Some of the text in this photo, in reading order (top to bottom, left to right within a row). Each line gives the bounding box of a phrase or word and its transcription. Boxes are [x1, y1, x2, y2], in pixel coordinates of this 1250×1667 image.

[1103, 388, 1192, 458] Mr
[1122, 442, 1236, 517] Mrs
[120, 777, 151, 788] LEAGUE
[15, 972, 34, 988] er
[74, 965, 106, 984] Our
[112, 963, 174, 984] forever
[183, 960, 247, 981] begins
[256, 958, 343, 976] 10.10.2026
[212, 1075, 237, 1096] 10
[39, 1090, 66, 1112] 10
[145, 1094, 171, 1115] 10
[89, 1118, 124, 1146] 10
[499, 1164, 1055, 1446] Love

- - - - - - -

▶ Task brief: From the listing above, extract all records word for word.

▶ Response:
Some of the text in this photo, in reading order (top to bottom, left to right within a row). Each line gives the bounding box of a phrase or word and its transcription. Boxes are [x1, y1, x2, y2], in pixel coordinates of this 1250×1667 image.

[1103, 388, 1192, 458] Mr
[1122, 442, 1236, 517] Mrs
[120, 777, 151, 788] LEAGUE
[15, 972, 34, 988] er
[74, 965, 106, 984] Our
[112, 963, 174, 984] forever
[183, 960, 247, 981] begins
[256, 958, 343, 976] 10.10.2026
[212, 1075, 237, 1096] 10
[39, 1090, 66, 1112] 10
[145, 1094, 171, 1115] 10
[89, 1118, 124, 1146] 10
[499, 1164, 1055, 1446] Love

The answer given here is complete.